**What is being asked:** Without skipping a line, reproduce the entries exactly.

START Data provided

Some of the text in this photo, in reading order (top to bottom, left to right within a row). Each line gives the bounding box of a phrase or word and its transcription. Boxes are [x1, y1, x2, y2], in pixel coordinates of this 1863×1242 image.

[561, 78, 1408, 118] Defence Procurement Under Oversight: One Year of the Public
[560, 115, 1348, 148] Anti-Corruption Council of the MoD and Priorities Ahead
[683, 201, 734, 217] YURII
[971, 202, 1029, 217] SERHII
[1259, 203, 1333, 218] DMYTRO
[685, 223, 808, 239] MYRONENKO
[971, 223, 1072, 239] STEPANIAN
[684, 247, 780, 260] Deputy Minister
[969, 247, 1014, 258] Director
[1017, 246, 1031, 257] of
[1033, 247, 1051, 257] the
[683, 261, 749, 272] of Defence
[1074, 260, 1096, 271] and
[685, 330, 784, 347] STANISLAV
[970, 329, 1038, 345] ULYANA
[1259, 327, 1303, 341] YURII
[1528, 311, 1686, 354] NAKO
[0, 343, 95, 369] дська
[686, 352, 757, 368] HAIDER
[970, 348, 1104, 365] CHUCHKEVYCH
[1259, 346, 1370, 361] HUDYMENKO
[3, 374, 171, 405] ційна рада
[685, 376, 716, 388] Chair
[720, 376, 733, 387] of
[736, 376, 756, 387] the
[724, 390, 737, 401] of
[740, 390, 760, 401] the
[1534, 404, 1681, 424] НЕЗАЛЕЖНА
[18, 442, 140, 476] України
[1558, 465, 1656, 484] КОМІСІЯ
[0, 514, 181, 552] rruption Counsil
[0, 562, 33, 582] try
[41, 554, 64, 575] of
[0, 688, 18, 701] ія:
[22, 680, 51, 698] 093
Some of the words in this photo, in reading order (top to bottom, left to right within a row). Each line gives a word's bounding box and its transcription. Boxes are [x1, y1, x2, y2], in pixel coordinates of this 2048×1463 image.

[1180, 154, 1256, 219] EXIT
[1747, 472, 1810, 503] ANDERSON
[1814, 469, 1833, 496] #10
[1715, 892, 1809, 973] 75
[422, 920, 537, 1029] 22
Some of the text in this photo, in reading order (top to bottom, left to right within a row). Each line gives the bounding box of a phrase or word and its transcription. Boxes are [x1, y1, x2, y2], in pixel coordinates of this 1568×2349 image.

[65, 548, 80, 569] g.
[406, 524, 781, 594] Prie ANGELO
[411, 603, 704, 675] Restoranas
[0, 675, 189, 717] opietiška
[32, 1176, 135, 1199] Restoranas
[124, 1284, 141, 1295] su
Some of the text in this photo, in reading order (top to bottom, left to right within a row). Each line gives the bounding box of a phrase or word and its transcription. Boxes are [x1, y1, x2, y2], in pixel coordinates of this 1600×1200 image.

END Data provided

**Response to this exercise:**
Some of the text in this photo, in reading order (top to bottom, left to right within a row). Each line gives the bounding box of a phrase or word and its transcription. Boxes are [x1, y1, x2, y2], in pixel coordinates of this 1863×1242 image.

[561, 78, 1408, 118] Defence Procurement Under Oversight: One Year of the Public
[560, 115, 1348, 148] Anti-Corruption Council of the MoD and Priorities Ahead
[683, 201, 734, 217] YURII
[971, 202, 1029, 217] SERHII
[1259, 203, 1333, 218] DMYTRO
[685, 223, 808, 239] MYRONENKO
[971, 223, 1072, 239] STEPANIAN
[684, 247, 780, 260] Deputy Minister
[969, 247, 1014, 258] Director
[1017, 246, 1031, 257] of
[1033, 247, 1051, 257] the
[683, 261, 749, 272] of Defence
[1074, 260, 1096, 271] and
[685, 330, 784, 347] STANISLAV
[970, 329, 1038, 345] ULYANA
[1259, 327, 1303, 341] YURII
[1528, 311, 1686, 354] NAKO
[0, 343, 95, 369] дська
[686, 352, 757, 368] HAIDER
[970, 348, 1104, 365] CHUCHKEVYCH
[1259, 346, 1370, 361] HUDYMENKO
[3, 374, 171, 405] ційна рада
[685, 376, 716, 388] Chair
[720, 376, 733, 387] of
[736, 376, 756, 387] the
[724, 390, 737, 401] of
[740, 390, 760, 401] the
[1534, 404, 1681, 424] НЕЗАЛЕЖНА
[18, 442, 140, 476] України
[1558, 465, 1656, 484] КОМІСІЯ
[0, 514, 181, 552] rruption Counsil
[0, 562, 33, 582] try
[41, 554, 64, 575] of
[0, 688, 18, 701] ія:
[22, 680, 51, 698] 093
Some of the words in this photo, in reading order (top to bottom, left to right within a row). Each line gives a word's bounding box and its transcription. Boxes are [x1, y1, x2, y2], in pixel coordinates of this 2048×1463 image.

[1180, 154, 1256, 219] EXIT
[1747, 472, 1810, 503] ANDERSON
[1814, 469, 1833, 496] #10
[1715, 892, 1809, 973] 75
[422, 920, 537, 1029] 22
Some of the text in this photo, in reading order (top to bottom, left to right within a row). Each line gives the bounding box of a phrase or word and its transcription. Boxes are [x1, y1, x2, y2], in pixel coordinates of this 1568×2349 image.

[65, 548, 80, 569] g.
[406, 524, 781, 594] Prie ANGELO
[411, 603, 704, 675] Restoranas
[0, 675, 189, 717] opietiška
[32, 1176, 135, 1199] Restoranas
[124, 1284, 141, 1295] su
Some of the text in this photo, in reading order (top to bottom, left to right within a row). Each line gives the bounding box of a phrase or word and its transcription. Boxes are [x1, y1, x2, y2], in pixel coordinates of this 1600×1200 image.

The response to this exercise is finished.